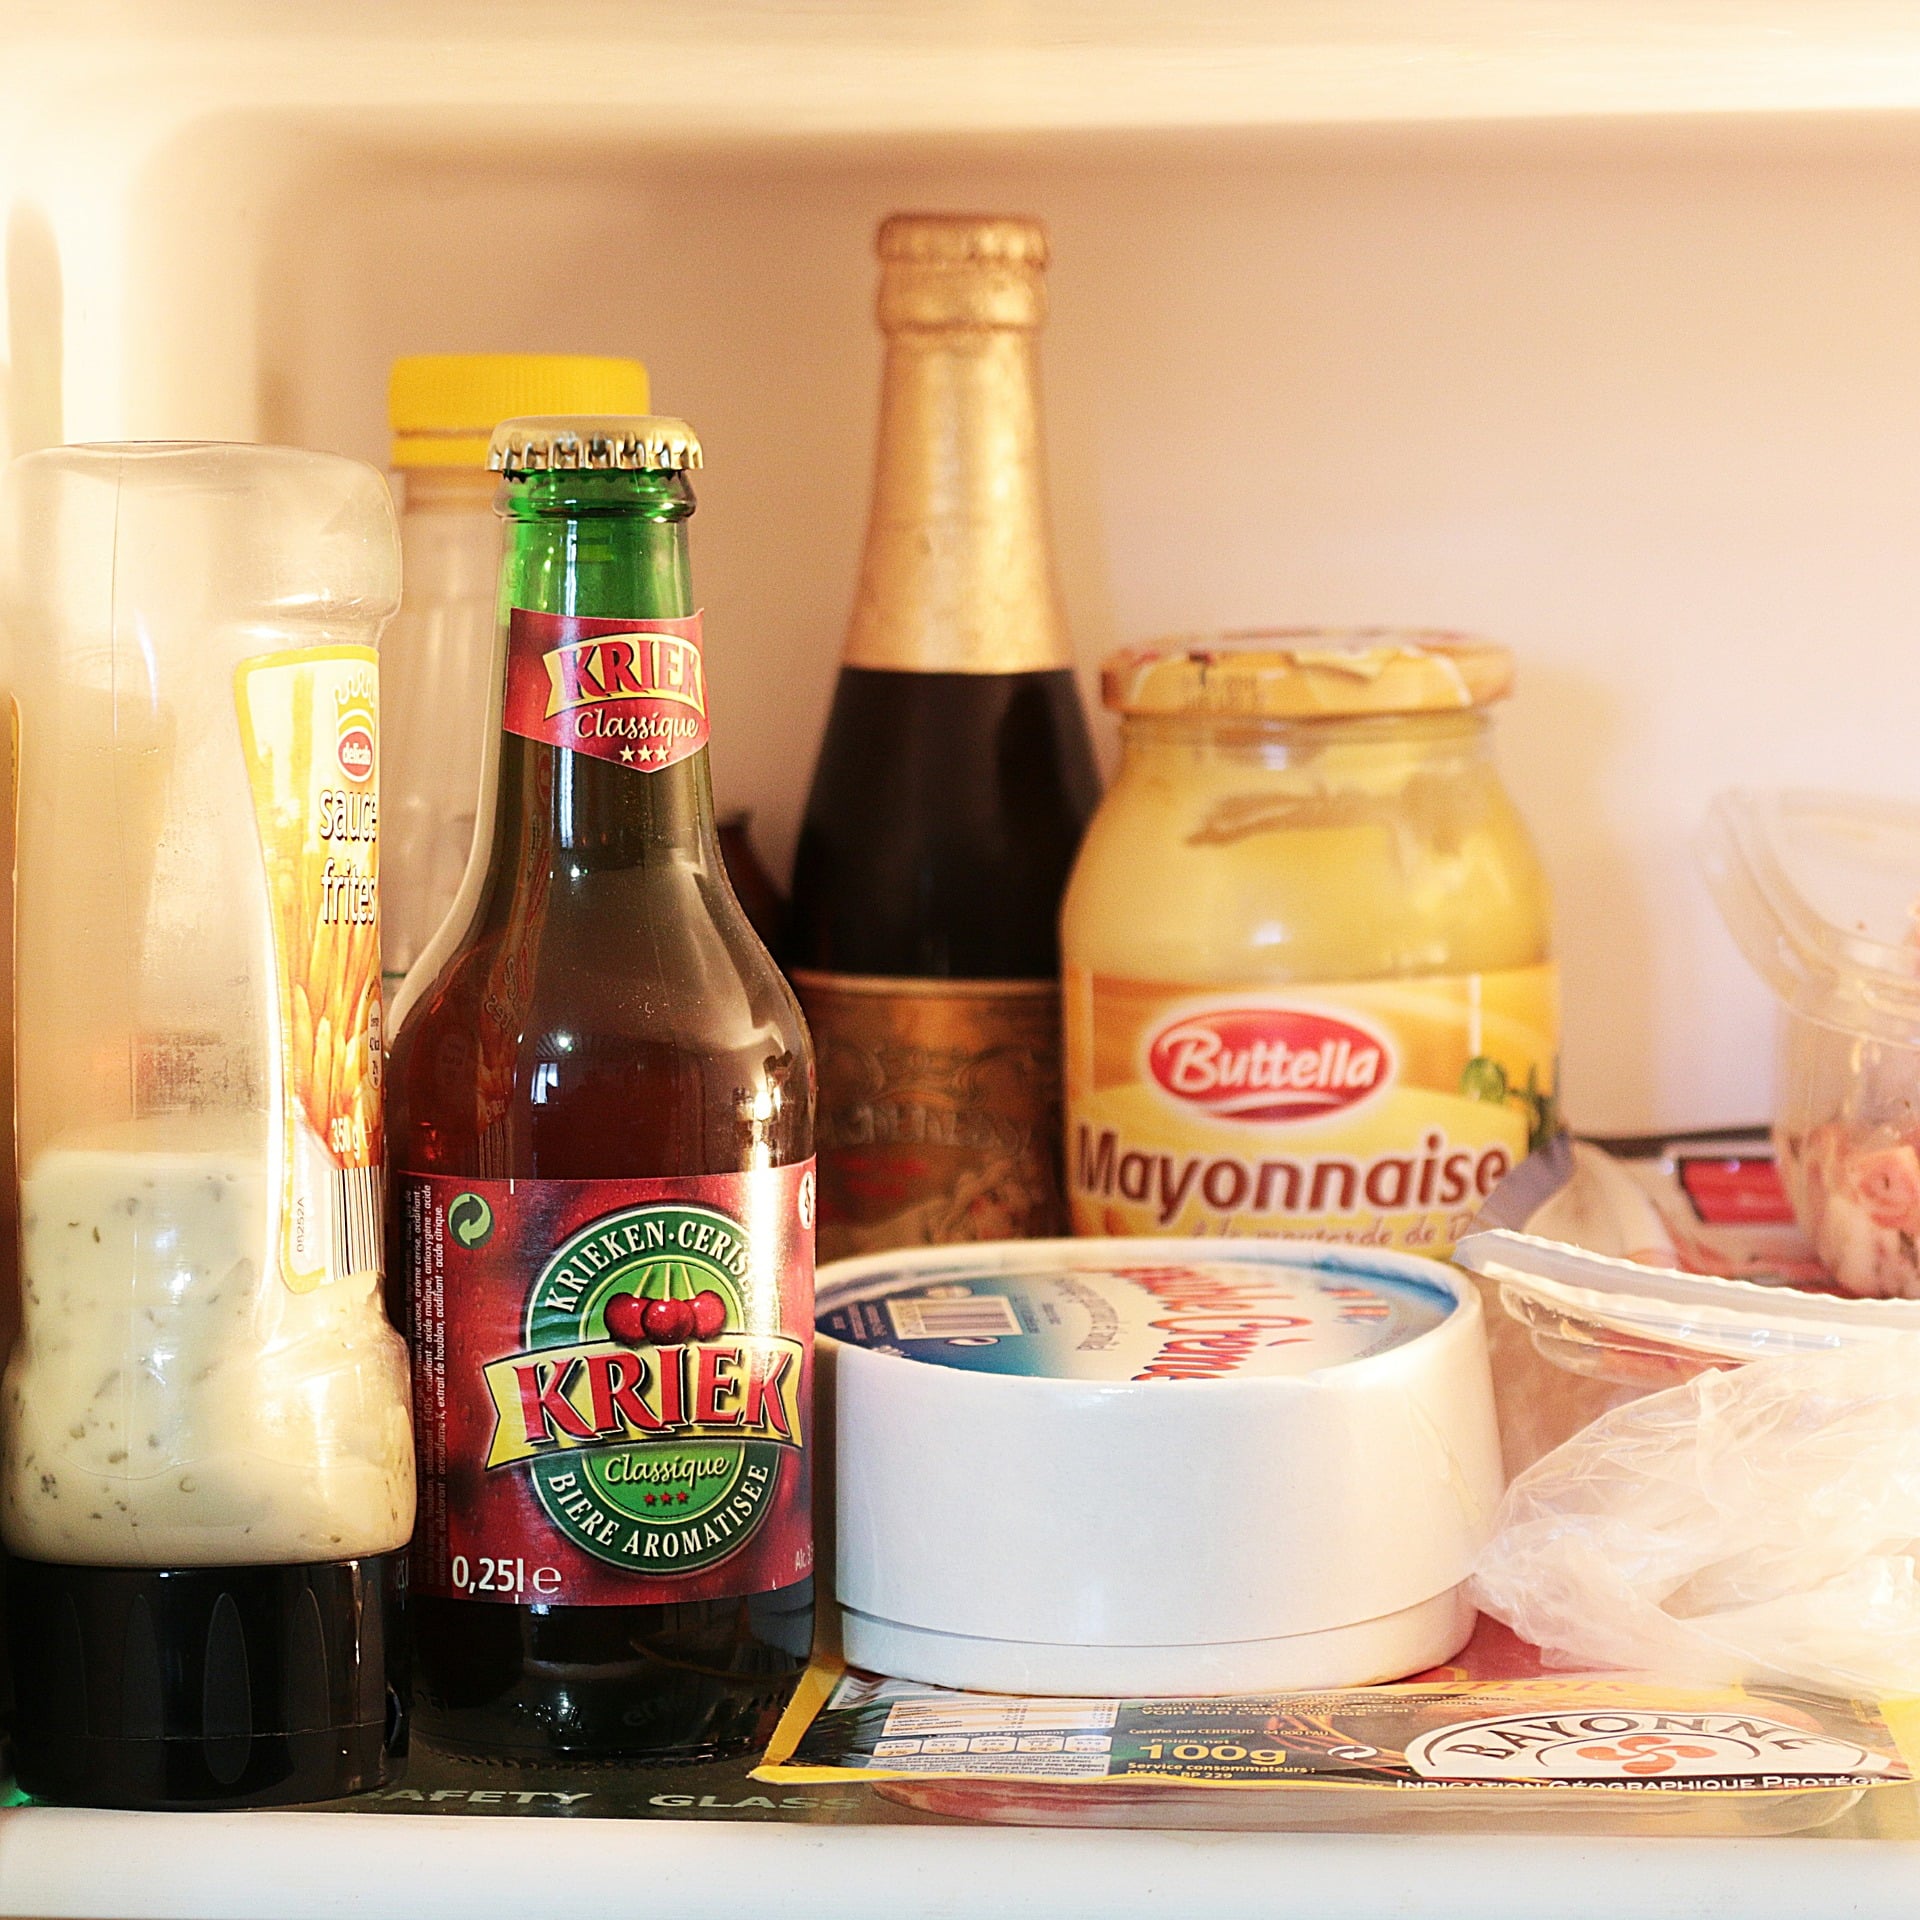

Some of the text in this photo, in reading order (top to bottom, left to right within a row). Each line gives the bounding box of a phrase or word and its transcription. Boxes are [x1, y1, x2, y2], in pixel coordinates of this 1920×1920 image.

[558, 639, 699, 705] KRIEK
[574, 708, 699, 747] Classique
[319, 790, 376, 842] sauce
[321, 857, 376, 924] frites
[1161, 1027, 1381, 1093] Buttella
[331, 1114, 351, 1153] 350
[352, 1122, 361, 1161] g
[1076, 1122, 1510, 1224] Mayonnaise
[411, 1191, 421, 1234] acidifiant
[421, 1185, 432, 1210] acide
[433, 1205, 445, 1242] citrique.
[412, 1236, 422, 1265] cerise,
[421, 1217, 433, 1275] antioxygène
[433, 1243, 444, 1268] acide
[422, 1277, 433, 1317] malique,
[433, 1275, 444, 1318] acidifiant
[412, 1300, 423, 1339] fructose,
[422, 1319, 432, 1343] acide
[433, 1320, 446, 1361] houblon,
[423, 1350, 433, 1392] acidifiant
[434, 1362, 445, 1375] de
[434, 1376, 445, 1408] extrait
[511, 1343, 797, 1445] KRIEK
[604, 1452, 732, 1487] Classique
[548, 1464, 769, 1558] BIERE AROMATISEE
[452, 1555, 524, 1594] 0,25l
[1139, 1744, 1288, 1766] 100g
[1444, 1717, 1827, 1761] BAYONNE
[1128, 1762, 1183, 1771] Service
[1186, 1765, 1308, 1774] consommateurs
[649, 1795, 861, 1809] GLASS

▶ _What you need to do_: Copy out the full material exactly. Pictures should not appear in it.

▶ _Answer box_:
Some of the text in this photo, in reading order (top to bottom, left to right within a row). Each line gives the bounding box of a phrase or word and its transcription. Boxes are [x1, y1, x2, y2], in pixel coordinates of this 1920×1920 image.

[558, 639, 699, 705] KRIEK
[574, 708, 699, 747] Classique
[319, 790, 376, 842] sauce
[321, 857, 376, 924] frites
[1161, 1027, 1381, 1093] Buttella
[331, 1114, 351, 1153] 350
[352, 1122, 361, 1161] g
[1076, 1122, 1510, 1224] Mayonnaise
[411, 1191, 421, 1234] acidifiant
[421, 1185, 432, 1210] acide
[433, 1205, 445, 1242] citrique.
[412, 1236, 422, 1265] cerise,
[421, 1217, 433, 1275] antioxygène
[433, 1243, 444, 1268] acide
[422, 1277, 433, 1317] malique,
[433, 1275, 444, 1318] acidifiant
[412, 1300, 423, 1339] fructose,
[422, 1319, 432, 1343] acide
[433, 1320, 446, 1361] houblon,
[423, 1350, 433, 1392] acidifiant
[434, 1362, 445, 1375] de
[434, 1376, 445, 1408] extrait
[511, 1343, 797, 1445] KRIEK
[604, 1452, 732, 1487] Classique
[548, 1464, 769, 1558] BIERE AROMATISEE
[452, 1555, 524, 1594] 0,25l
[1139, 1744, 1288, 1766] 100g
[1444, 1717, 1827, 1761] BAYONNE
[1128, 1762, 1183, 1771] Service
[1186, 1765, 1308, 1774] consommateurs
[649, 1795, 861, 1809] GLASS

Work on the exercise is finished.